I spent nearly two weeks as a road warrior with the Arc Mouse: checking email, editing digital photos, writing documents, and surfing the Internet. I had the opportunity to test the tracking on a wide variety of surfaces, including plate glass, etched and frosted glass desks, airline tray tables, fine linen restaurant tablecloths, and wood and laminate tables. Pointer tracking was largely smooth and trouble-free, however, the Arc Mouse does not work on glass desks of any sort. This comes as no surprise, as Microsoft sells other mice with this capability.
I found the overall shape of the Arc Mouse to be spot-on for the way I like to use mice. It is big enough to keep the majority of your palm off the desk but allows you to rest the wrist on the mousing surface for precise control, and to prevent fatigue. The Exposé function of the scroll wheel click is very useful to switch between active windows without lifting your hand from the mouse.
The rubberized sides do allow you to get a good grip and the friction-reducing pads help the Arc mouse glide smoothly. I learned to altogether avoid trying to think up a good way to utilize the side button and just treated the mouse as a three-button device. The Intellipoint software breaks no new ground in mouse control, but its installation did prove to be a minor annoyance that really could be avoided with the inclusion of a CD in the box, and more precise on-screen instructions.
At the end of the day, I found myself wishing that the Arc Mouse could take advantage of Bluetooth that is built-in to every modern laptop sold today. Although the magnetic dongle holder is clever, and the wireless dongle itself is small, it’s just another little piece to forget or misplace if you do a lot of traveling, which this mouse otherwise excels at.
It took me a while to notice, but in the little crevice dividing the left and right mouse buttons hides a bi-color LED battery indicator. Folding the mouse for travel also turns it off, so when the mouse is unfolded, the battery LED turns on to indicate the charge remaining. Green for satisfactory, red for a low charge. The light stays on only for about 10 seconds.

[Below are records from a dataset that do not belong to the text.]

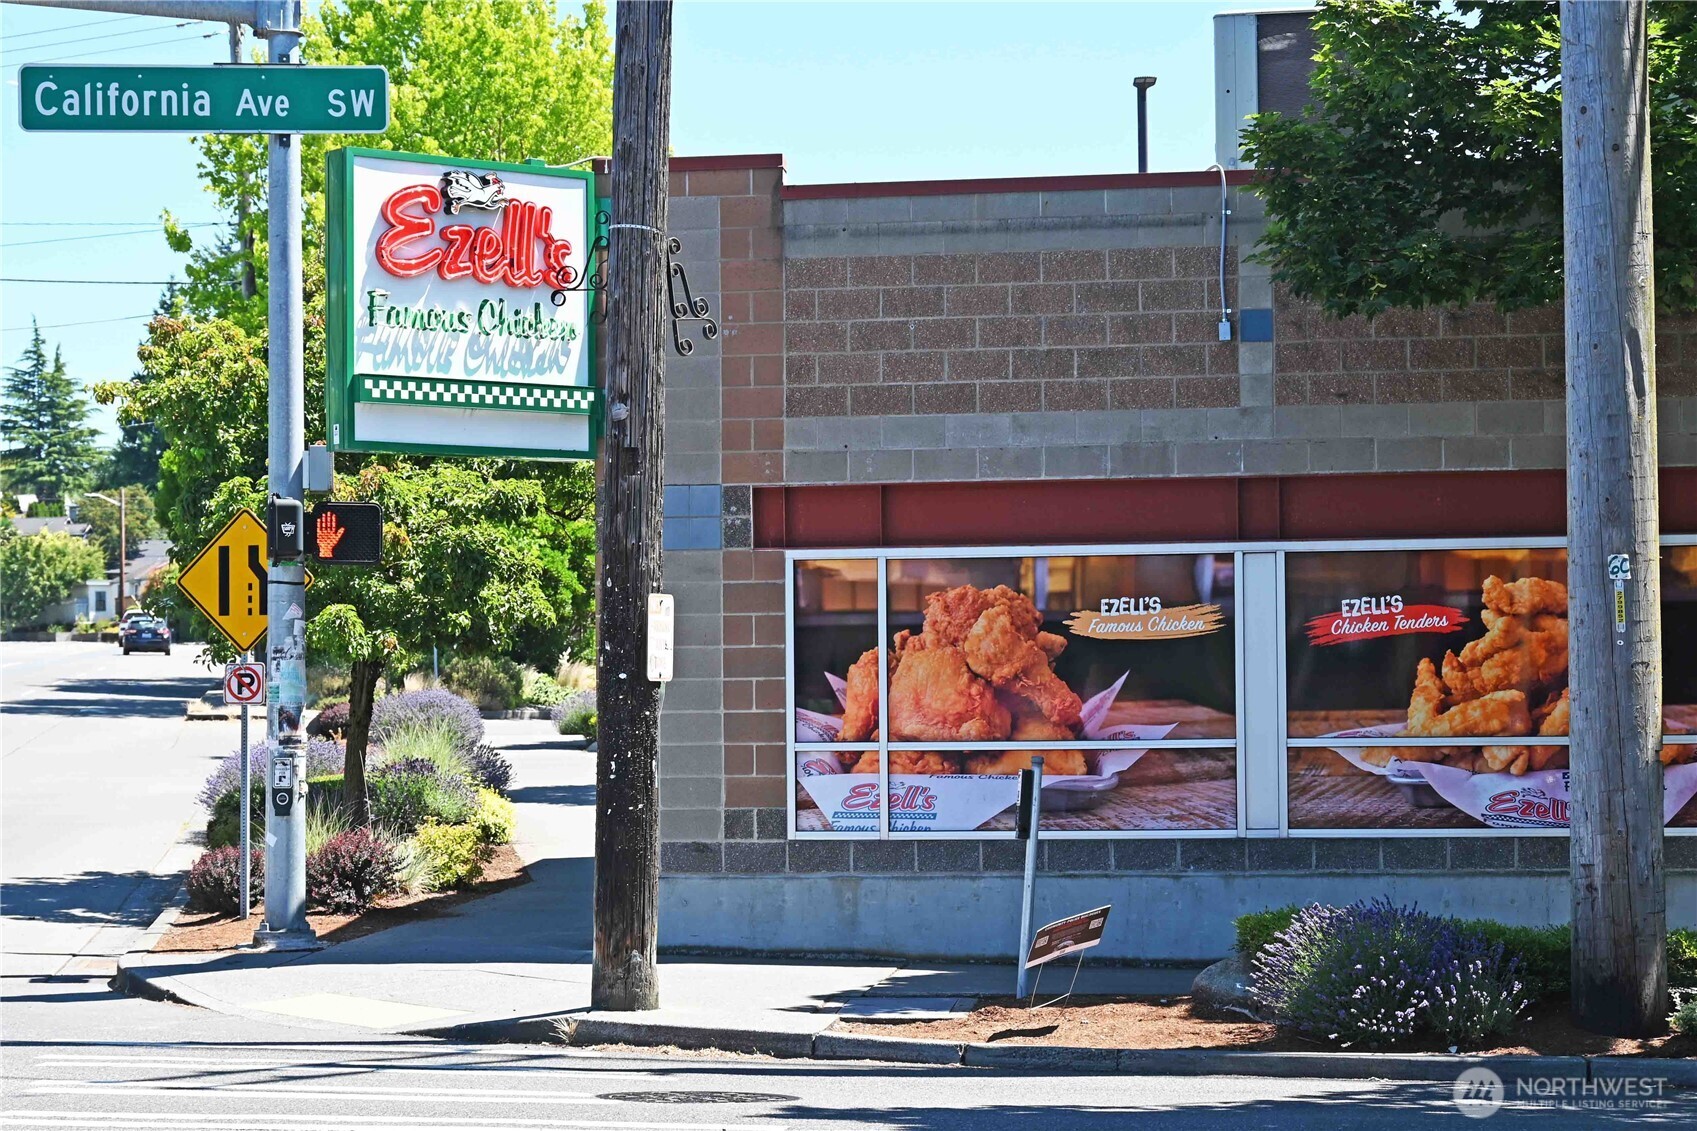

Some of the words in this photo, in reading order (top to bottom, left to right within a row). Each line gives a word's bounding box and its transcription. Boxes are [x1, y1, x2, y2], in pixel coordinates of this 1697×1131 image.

[34, 81, 211, 116] California
[235, 88, 290, 117] Ave
[327, 89, 375, 117] SW
[375, 183, 573, 290] Ezell's
[366, 288, 473, 334] Famous
[477, 297, 579, 342] Chicken
[1100, 596, 1162, 617] EZELL'S
[1341, 595, 1405, 618] EZELL'S
[1088, 618, 1144, 633] Famous
[1147, 615, 1206, 632] Chicken
[1331, 617, 1390, 635] Chicken
[1394, 613, 1449, 630] Tenders
[977, 773, 1019, 781] Chicke
[841, 782, 937, 811] Ezell's
[1484, 789, 1571, 822] Ezell
[888, 820, 932, 831] hicken

On the underside of the mouse lies the battery compartment, which houses two AAA batteries, and a little well that smartly serves as a magnetic holder for the USB wireless dongle. Just place the dongle here, fold the mouse to encapsulate the dongle, and pop the works in the provided imitation suede carry case. Nice.

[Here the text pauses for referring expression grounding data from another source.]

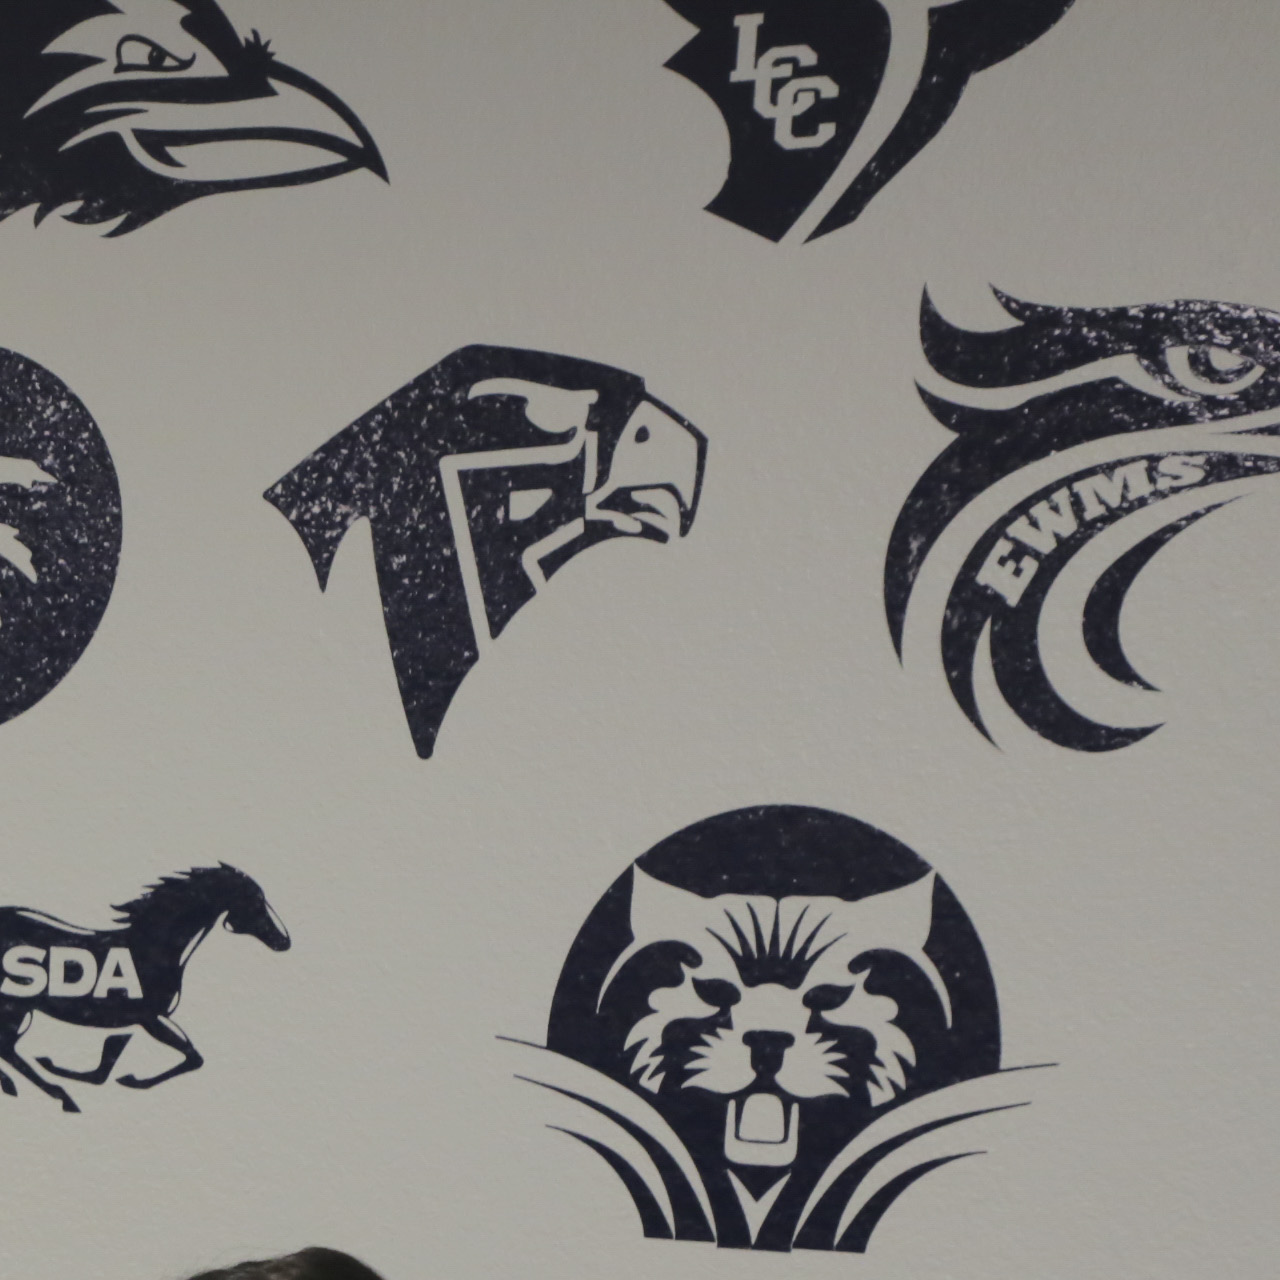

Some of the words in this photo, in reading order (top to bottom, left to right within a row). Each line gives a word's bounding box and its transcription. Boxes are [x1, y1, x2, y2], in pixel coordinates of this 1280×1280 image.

[730, 12, 839, 150] LCC
[976, 456, 1206, 606] EWMS
[0, 945, 143, 999] SDA
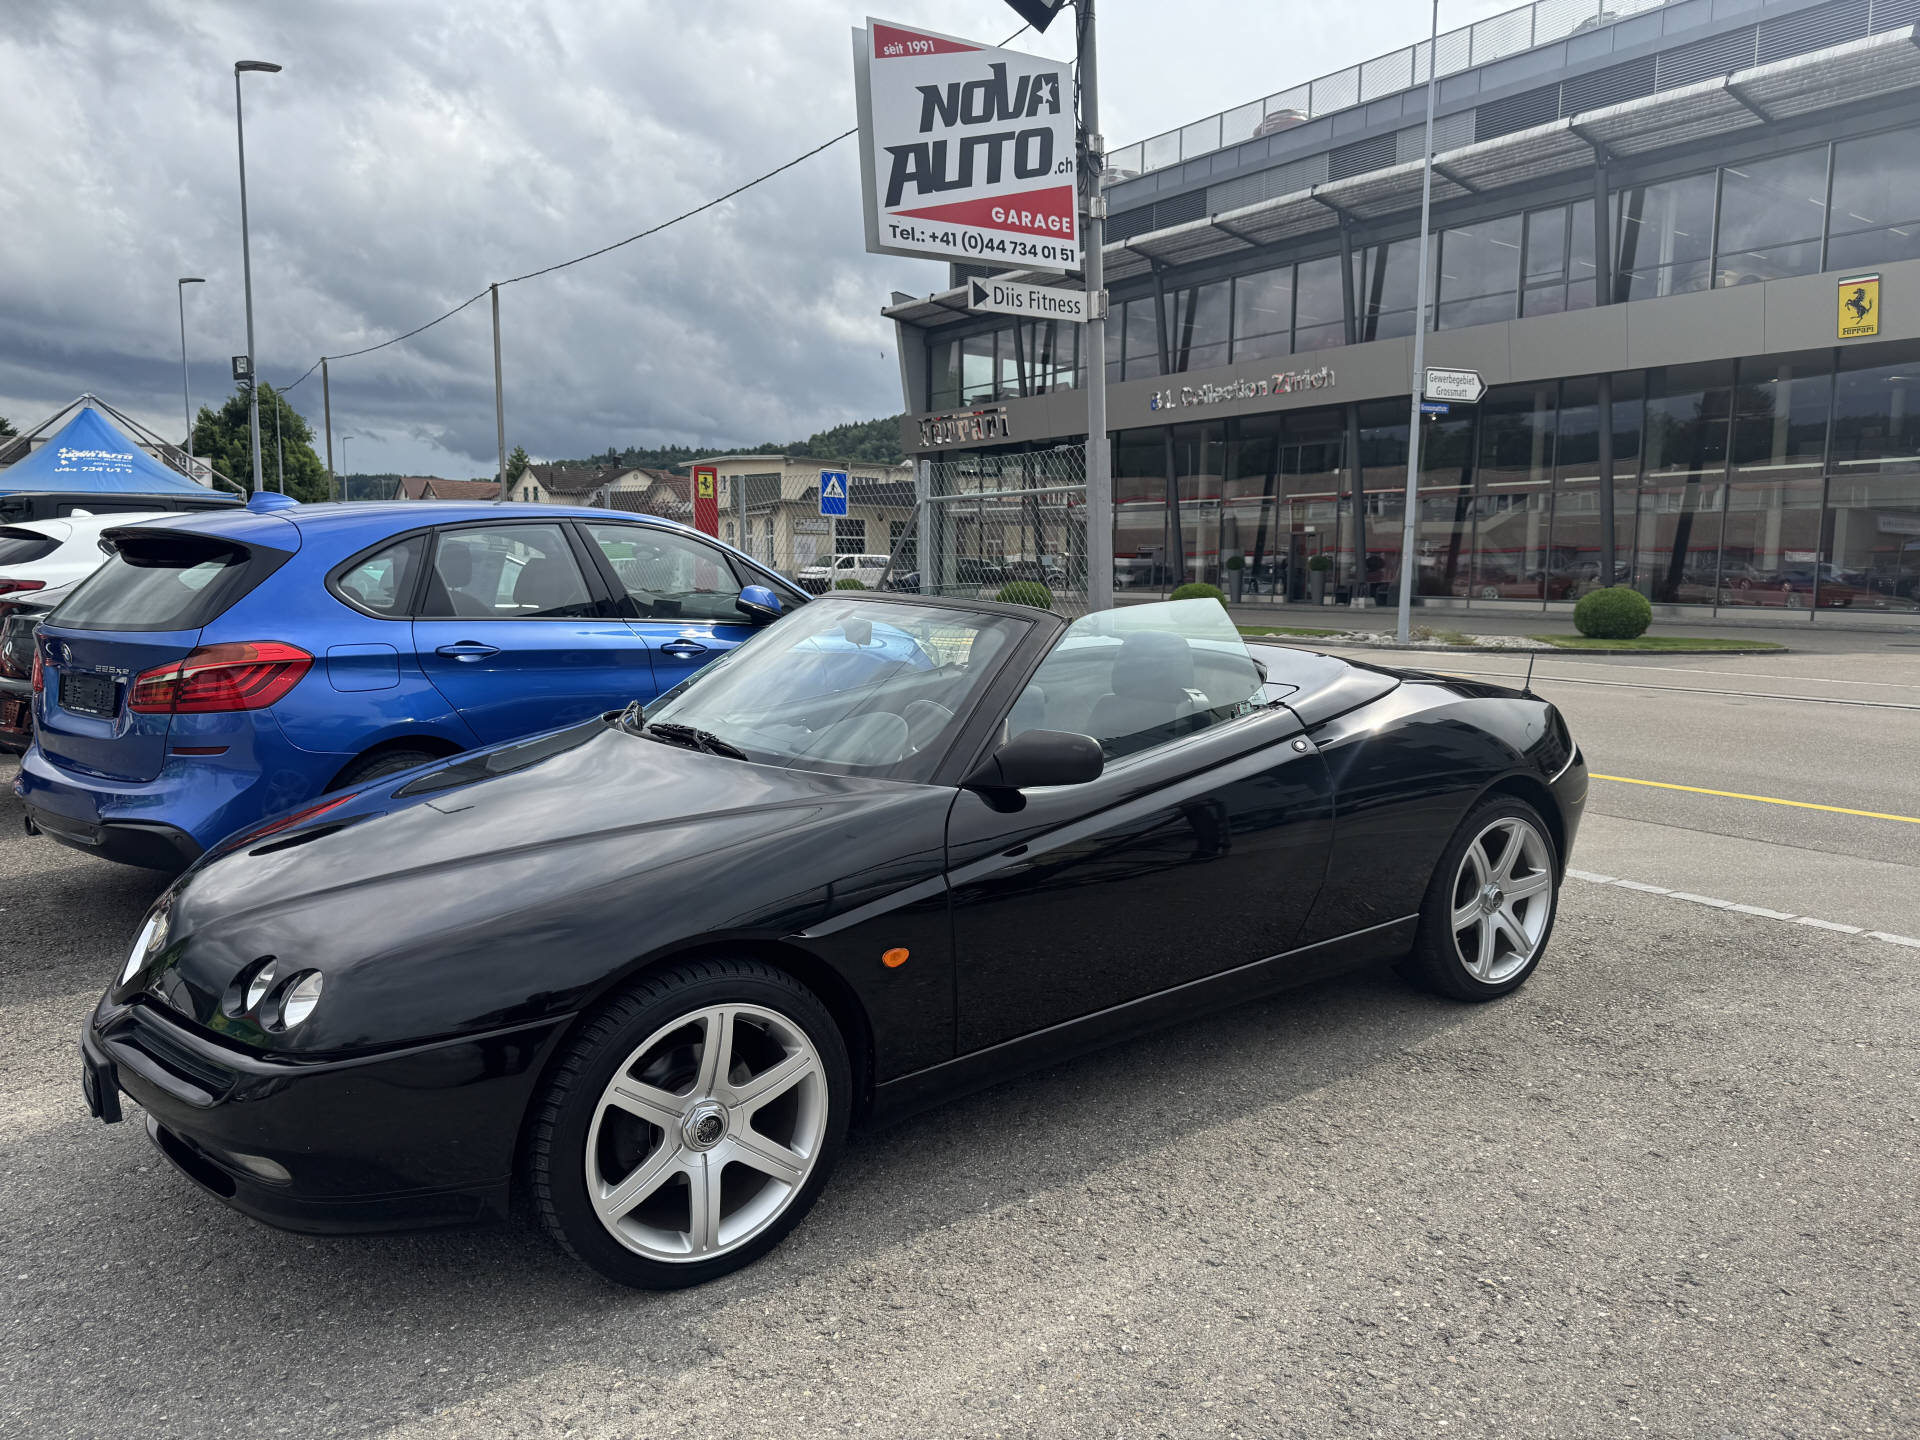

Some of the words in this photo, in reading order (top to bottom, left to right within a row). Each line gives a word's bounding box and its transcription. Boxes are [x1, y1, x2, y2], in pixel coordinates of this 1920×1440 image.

[883, 40, 903, 56] seit
[907, 40, 935, 54] 1991
[915, 62, 1061, 133] NOVA
[883, 126, 1054, 208] AUTO
[1054, 157, 1073, 175] .ch
[991, 207, 1071, 233] GARAGE
[889, 224, 925, 243] Tel.:
[929, 231, 957, 247] +41
[962, 231, 1007, 254] (0)44
[1009, 241, 1038, 258] 734
[1041, 246, 1057, 260] 01
[1060, 247, 1075, 262] 51
[993, 286, 1023, 308] Diis
[1029, 291, 1081, 315] Fitness
[1181, 379, 1269, 407] Collection
[1272, 366, 1336, 395] Zürich
[1430, 372, 1475, 386] Gewerbegebiet
[1436, 386, 1467, 397] Grossmatt
[918, 406, 1010, 447] Ferrari

The elegant carry case, a nice included feature, has a weakly magnetic catch on the lip to secure its contents without straps or snaps or zippers.
This Fall, Microsoft released two portable wireless mice into the wild: the Arc Mouse reviewed here, and the Explorer Mini Mouse with BlueTrack technology.
The Explorer Mini is also a 2.4 GHz wireless travel mouse but differs from the Arc mouse in the following significant ways:
In my review time with both mice, I found the Arc Mouse to be the far better travel mouse because of the folding design with a magnetic dongle holder, smaller dongle, and carry case. However, the Explorer Mini is the better travel mouse for desktop use, with better tracking, a more solid feel, and a smooth, expensive-feeling scroll wheel. It is a clunky option for travel because the large dongle, when stored in the snap-in location, is easy to lose and protrudes awkwardly from the bottom of the bulky mouse. I enjoyed using both travel mice; your choice should depend on what importance you place on portability.
Microsoft takes a rare industrial design risk in order to come up with a truly innovative new entrant into the portable mouse market. Despite a few flaws in usability and set-up, the Arc Mouse is an excellent travel companion, and capable of replacing the general-purpose desktop mouse for those who have fairly basic requirements. Microsoft really must be commended for giving the road warriors a beautiful, ergonomic alternative to a bulky mouse or annoying trackpad, and for that reason alone, the Arc Mouse is a worthy recipient of my recommendation.